─── RECORDS FOR THIS EXERCISE ───
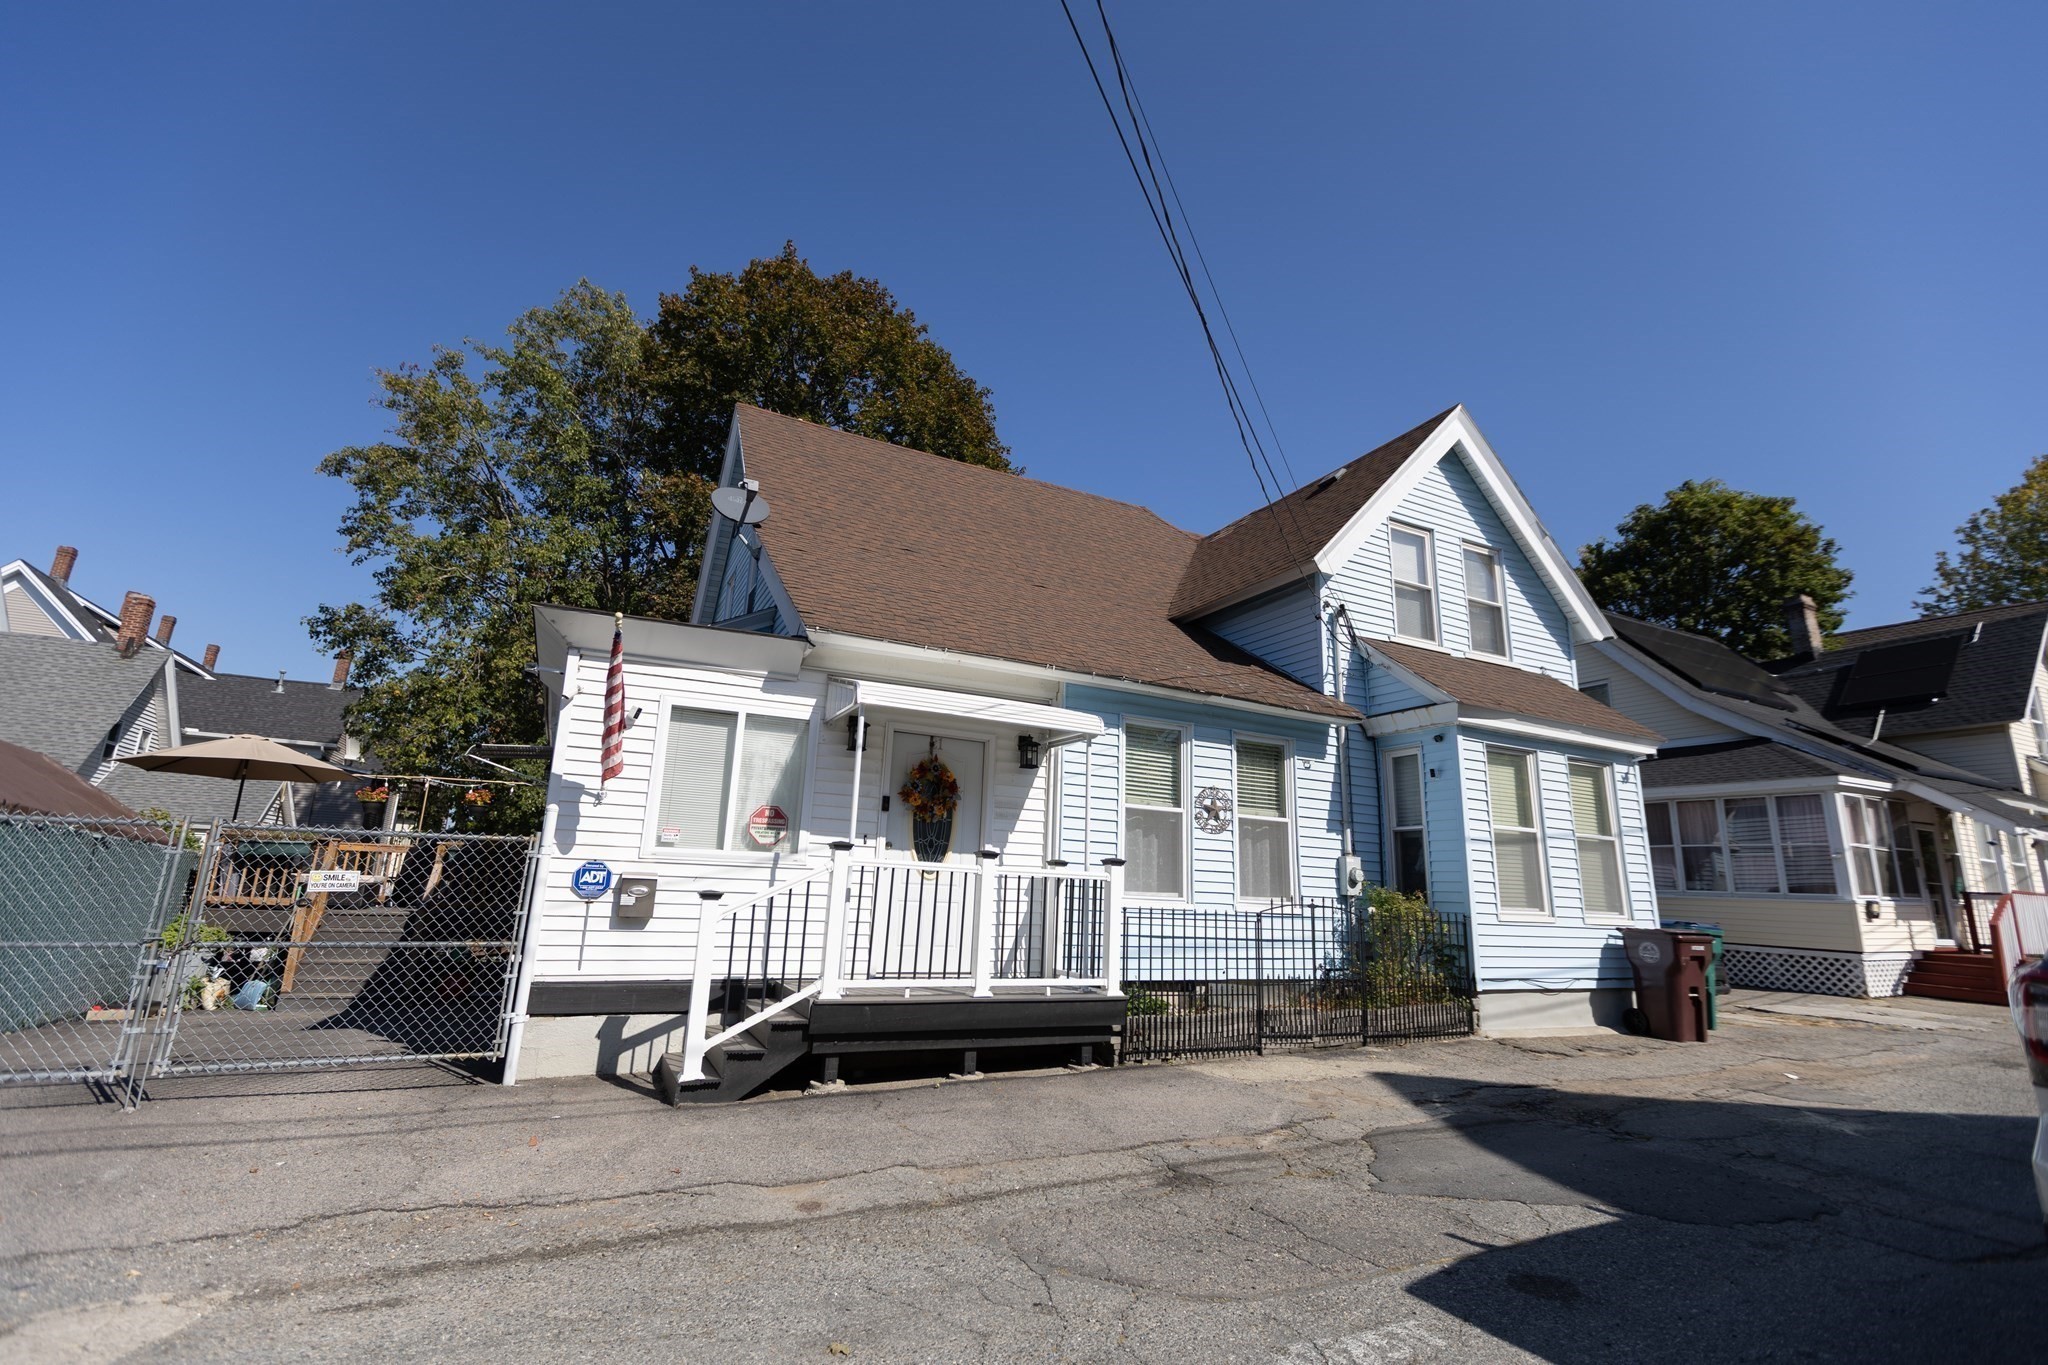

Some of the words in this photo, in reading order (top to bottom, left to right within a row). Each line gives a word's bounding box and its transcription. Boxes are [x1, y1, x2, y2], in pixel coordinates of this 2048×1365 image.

[764, 809, 775, 818] NO
[752, 817, 786, 825] TRESPASSING
[323, 873, 346, 882] SMILE
[580, 870, 607, 884] ADT
───
**WORK TO COMPLETE**
In the reply, every line of the material above is to be reproduced verbatim, and the images are to be left out.

**ANSWER TO THE EXERCISE**
Some of the words in this photo, in reading order (top to bottom, left to right within a row). Each line gives a word's bounding box and its transcription. Boxes are [x1, y1, x2, y2], in pixel coordinates of this 2048×1365 image.

[764, 809, 775, 818] NO
[752, 817, 786, 825] TRESPASSING
[323, 873, 346, 882] SMILE
[580, 870, 607, 884] ADT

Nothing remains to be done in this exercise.